PROVIDED ENTRIES —
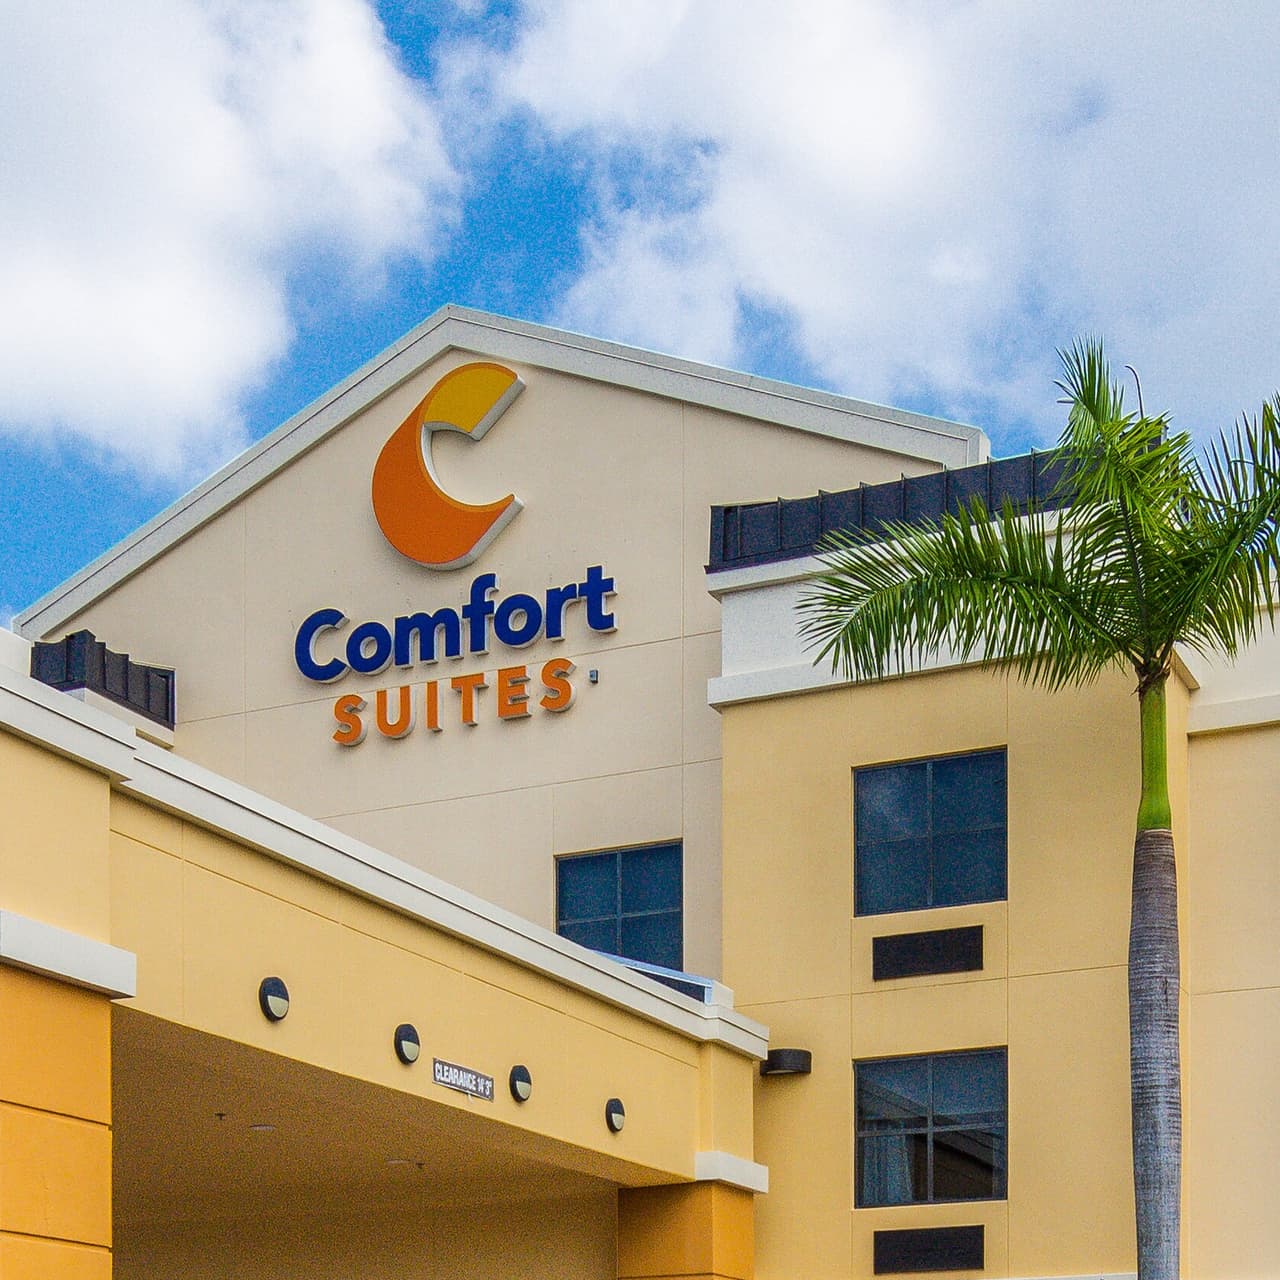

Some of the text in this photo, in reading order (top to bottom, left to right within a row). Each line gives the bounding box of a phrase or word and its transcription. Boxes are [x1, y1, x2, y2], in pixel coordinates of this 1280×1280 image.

[294, 565, 618, 683] Comfort
[332, 658, 577, 746] SUITES
[435, 1062, 476, 1090] CLEARANCE
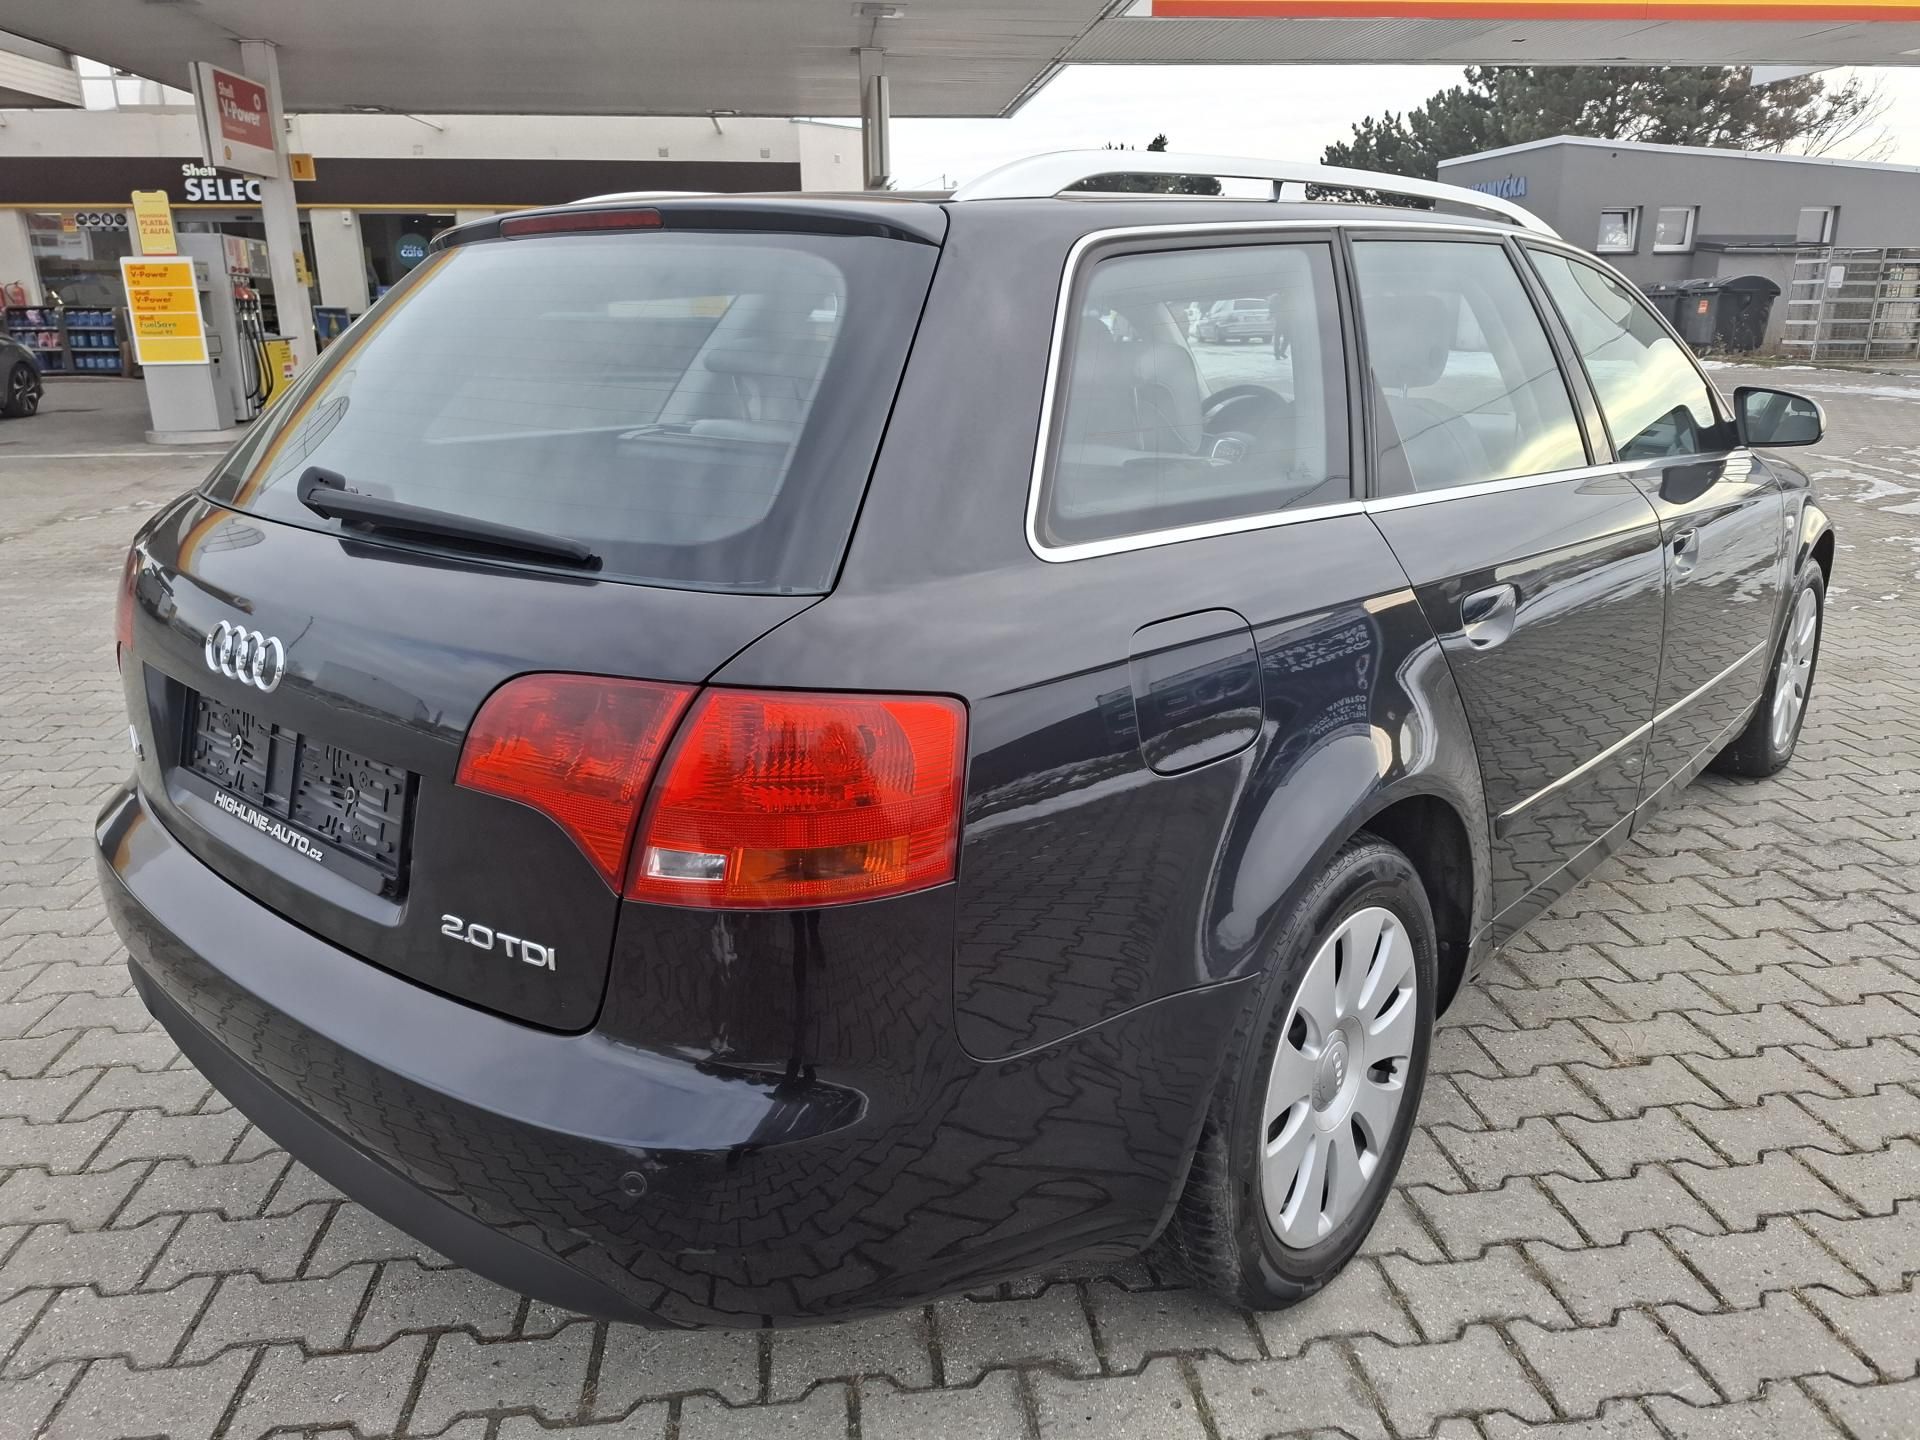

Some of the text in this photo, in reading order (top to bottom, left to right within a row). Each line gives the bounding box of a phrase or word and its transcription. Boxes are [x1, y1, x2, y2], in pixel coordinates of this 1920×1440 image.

[218, 82, 235, 99] Shell
[220, 97, 261, 127] V-Power
[182, 163, 217, 176] Shell
[294, 160, 303, 174] 1
[184, 178, 262, 202] SELEC
[135, 296, 172, 304] V-Power
[140, 321, 177, 329] FuelSave
[214, 791, 323, 861] HIGHLINE-AUTO.cz
[441, 914, 556, 971] 2.0 TDI

WHAT YOU HAVE TO DO —
Your answer must be the records exactly as they stand, with no pictures in it.

RESULT FOR THIS EXERCISE —
Some of the text in this photo, in reading order (top to bottom, left to right within a row). Each line gives the bounding box of a phrase or word and its transcription. Boxes are [x1, y1, x2, y2], in pixel coordinates of this 1280×1280 image.

[294, 565, 618, 683] Comfort
[332, 658, 577, 746] SUITES
[435, 1062, 476, 1090] CLEARANCE

Some of the text in this photo, in reading order (top to bottom, left to right within a row). Each line gives the bounding box of a phrase or word and its transcription. Boxes are [x1, y1, x2, y2], in pixel coordinates of this 1920×1440 image.

[218, 82, 235, 99] Shell
[220, 97, 261, 127] V-Power
[182, 163, 217, 176] Shell
[294, 160, 303, 174] 1
[184, 178, 262, 202] SELEC
[135, 296, 172, 304] V-Power
[140, 321, 177, 329] FuelSave
[214, 791, 323, 861] HIGHLINE-AUTO.cz
[441, 914, 556, 971] 2.0 TDI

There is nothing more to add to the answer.